* _Work request_: Reproduce exactly the lines from the line containing "this 1365×1536 image." through the end of the records below, including both ends, and nothing else.

* _Extracted entries_:

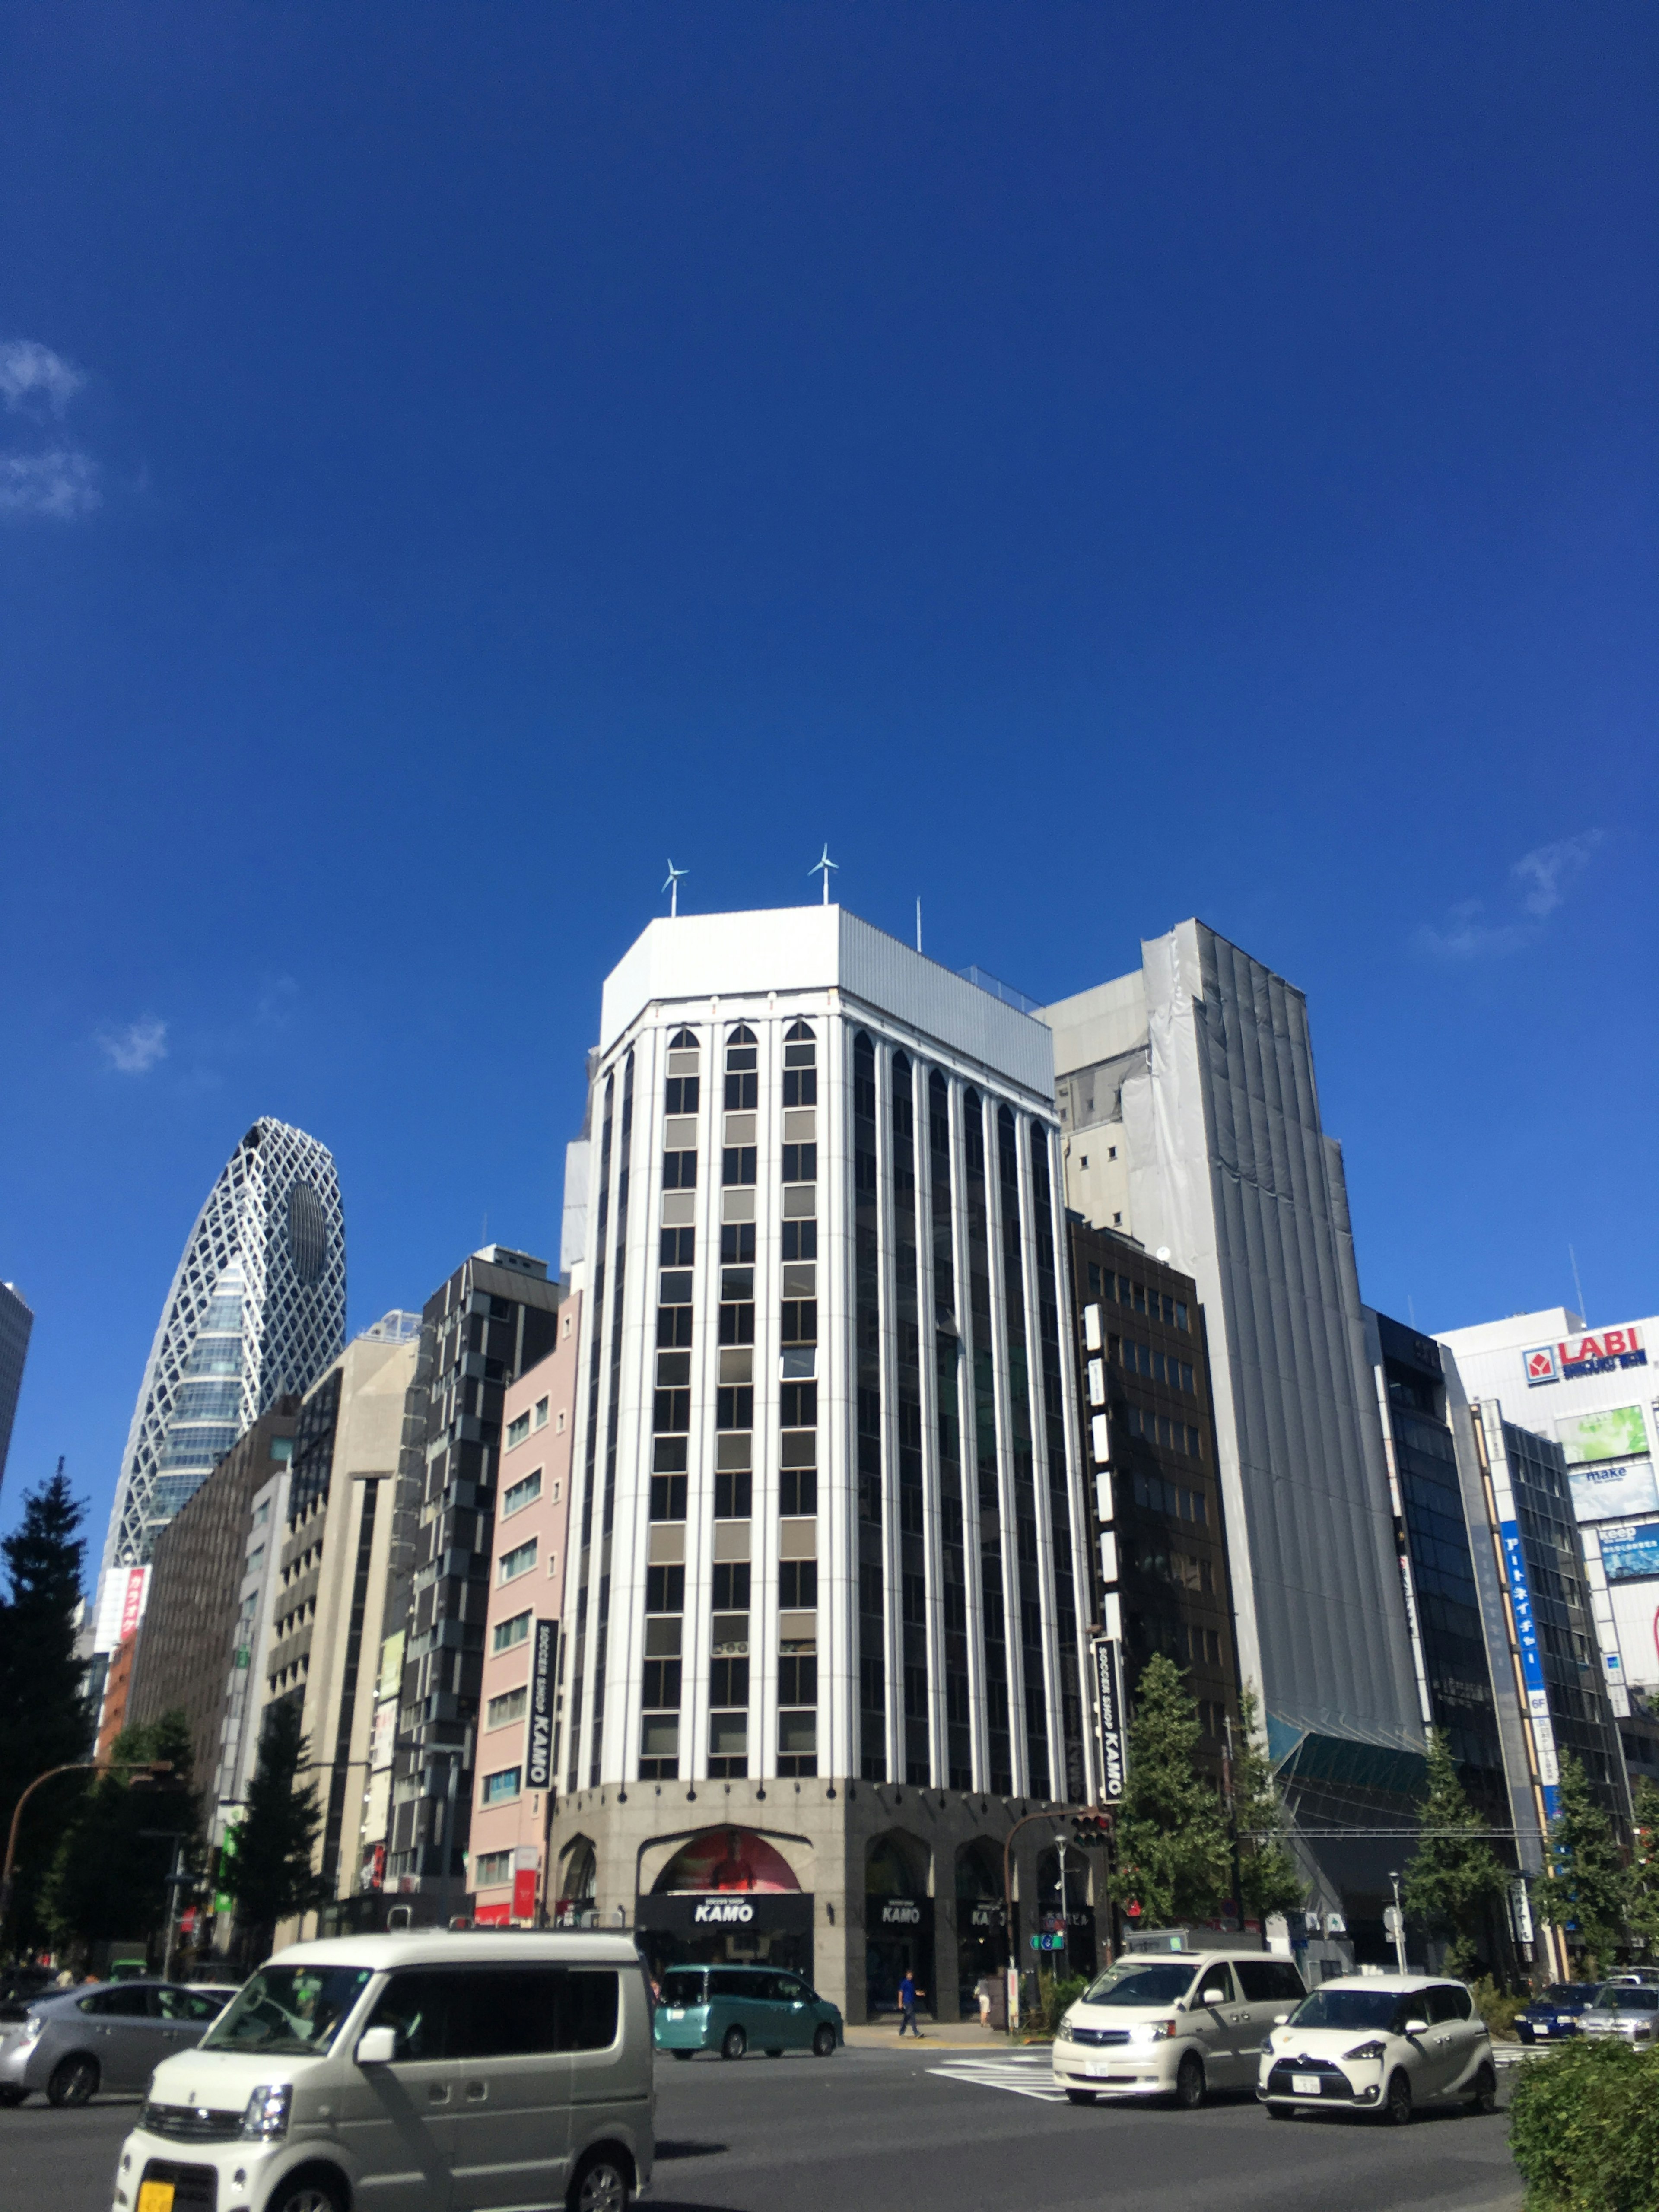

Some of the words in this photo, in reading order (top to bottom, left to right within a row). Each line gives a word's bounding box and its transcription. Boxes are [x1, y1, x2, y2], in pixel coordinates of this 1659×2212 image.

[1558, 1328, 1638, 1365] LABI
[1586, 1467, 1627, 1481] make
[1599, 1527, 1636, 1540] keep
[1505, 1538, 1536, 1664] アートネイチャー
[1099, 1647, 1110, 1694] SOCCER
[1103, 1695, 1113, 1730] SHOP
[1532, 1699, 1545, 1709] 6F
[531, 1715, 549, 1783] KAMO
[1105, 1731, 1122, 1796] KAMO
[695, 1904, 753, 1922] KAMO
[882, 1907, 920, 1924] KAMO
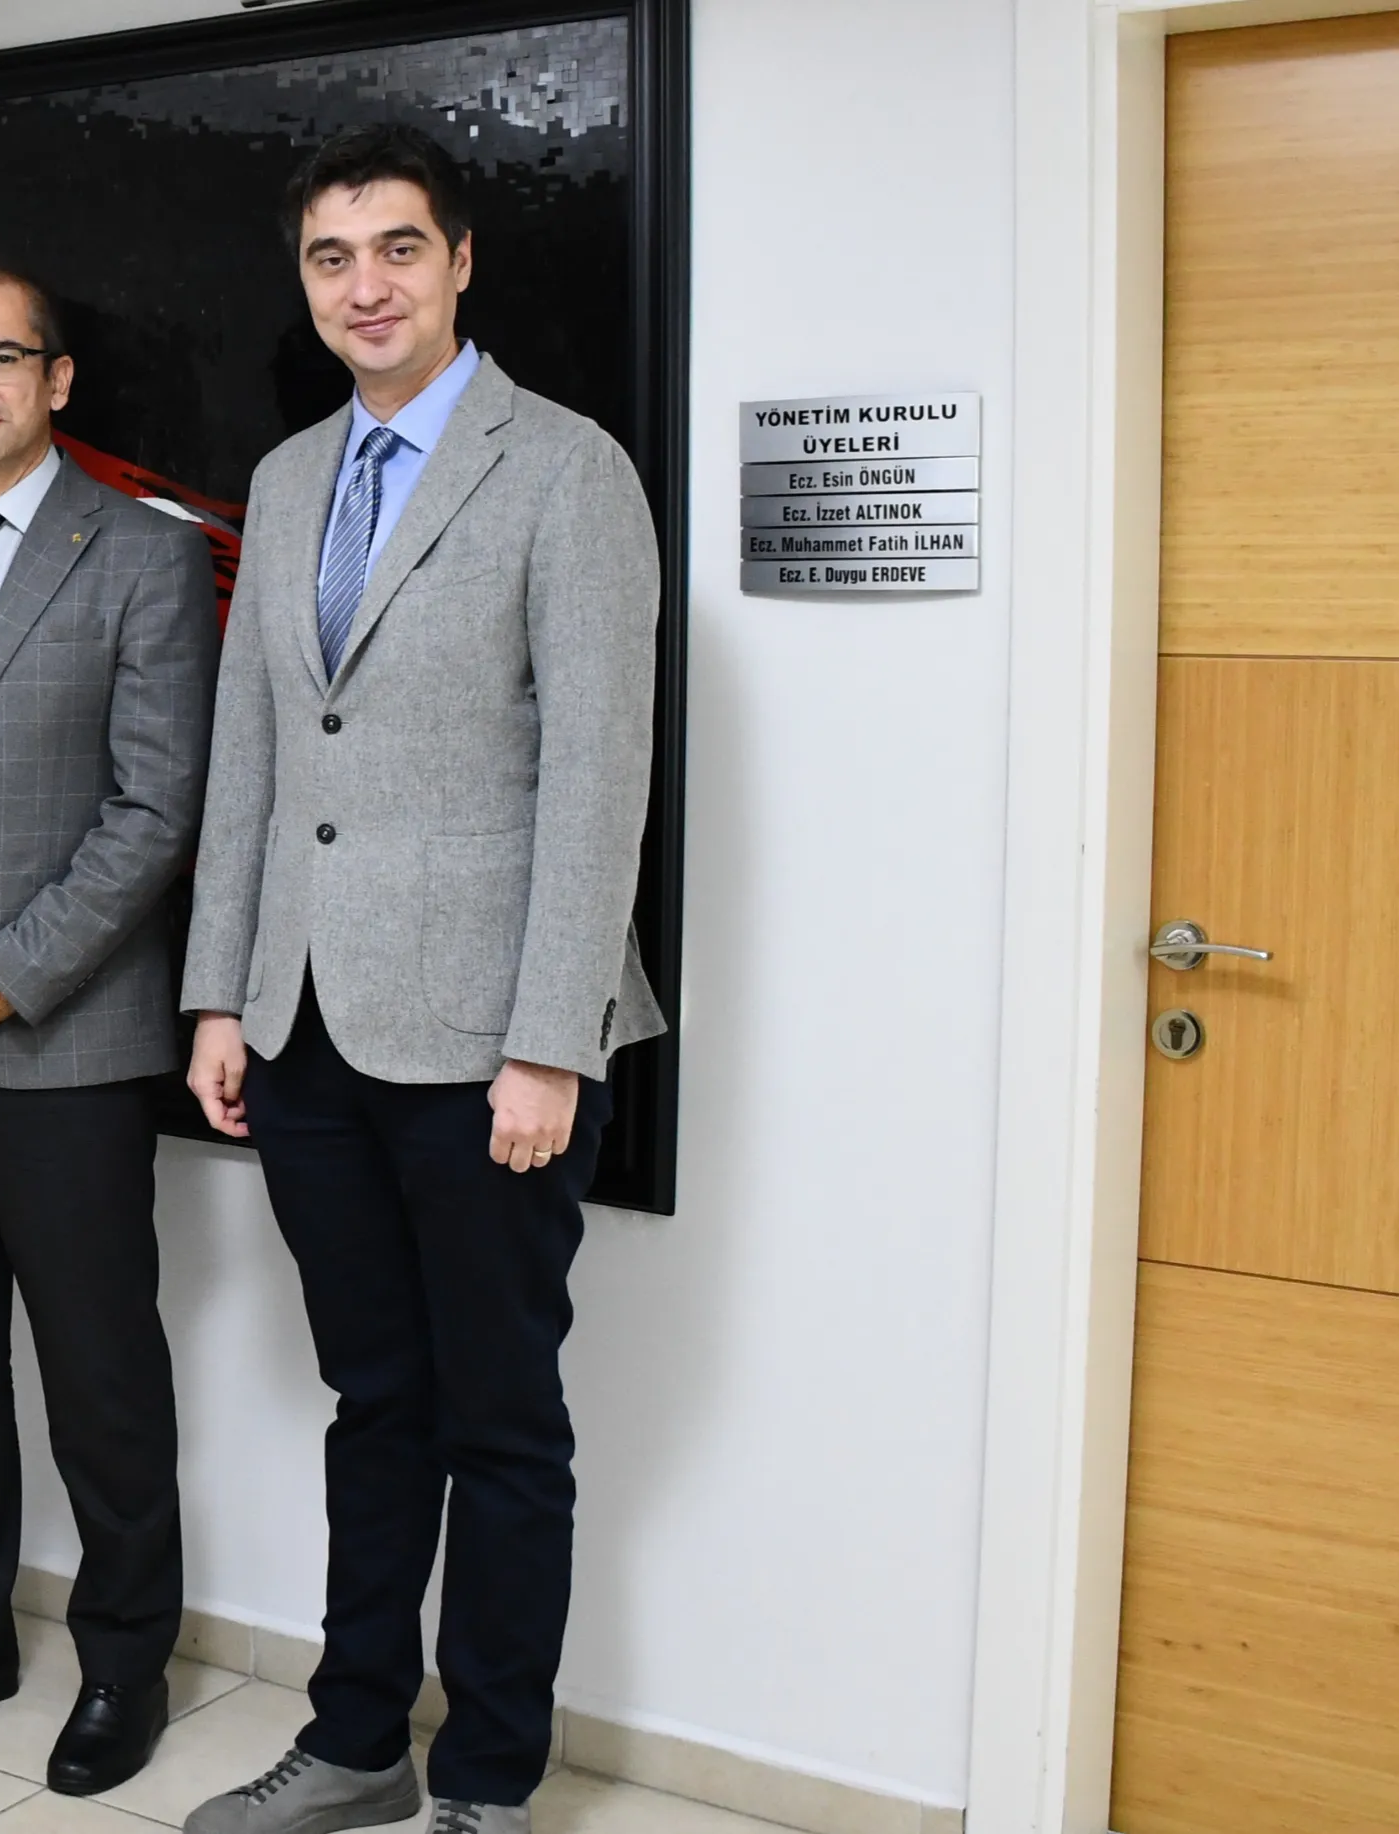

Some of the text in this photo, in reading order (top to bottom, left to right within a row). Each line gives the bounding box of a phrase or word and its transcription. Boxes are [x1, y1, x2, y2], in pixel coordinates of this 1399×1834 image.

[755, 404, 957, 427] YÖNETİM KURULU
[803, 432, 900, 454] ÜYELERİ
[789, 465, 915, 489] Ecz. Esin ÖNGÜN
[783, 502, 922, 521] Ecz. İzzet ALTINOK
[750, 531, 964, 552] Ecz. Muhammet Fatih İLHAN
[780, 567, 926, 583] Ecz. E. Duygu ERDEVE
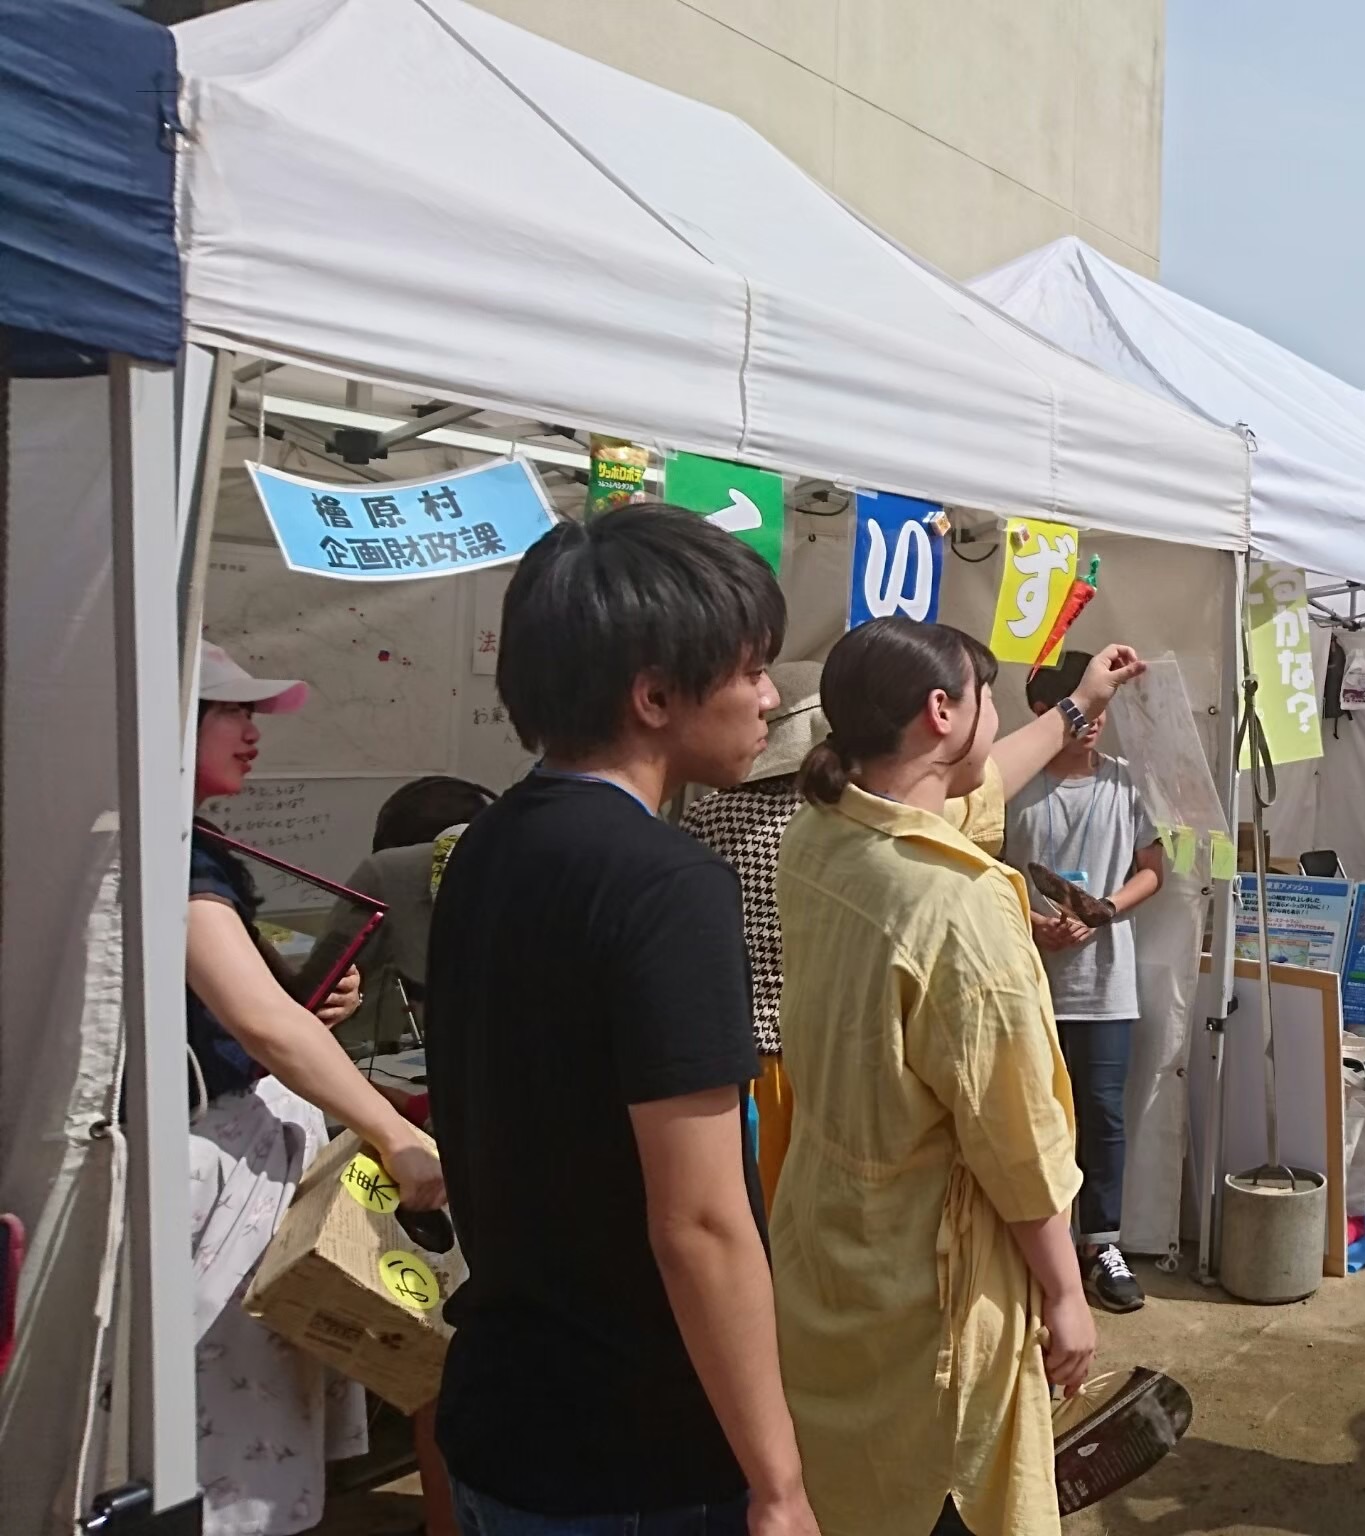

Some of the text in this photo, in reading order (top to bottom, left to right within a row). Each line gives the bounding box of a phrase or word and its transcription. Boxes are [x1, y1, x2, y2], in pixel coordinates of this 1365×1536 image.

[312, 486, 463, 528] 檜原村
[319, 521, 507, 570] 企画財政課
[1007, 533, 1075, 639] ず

* _Result for this task_:
Some of the text in this photo, in reading order (top to bottom, left to right within a row). Each line gives the bounding box of a phrase or word and its transcription. Boxes are [x1, y1, x2, y2], in pixel coordinates of this 1365×1536 image.

[312, 486, 463, 528] 檜原村
[319, 521, 507, 570] 企画財政課
[1007, 533, 1075, 639] ず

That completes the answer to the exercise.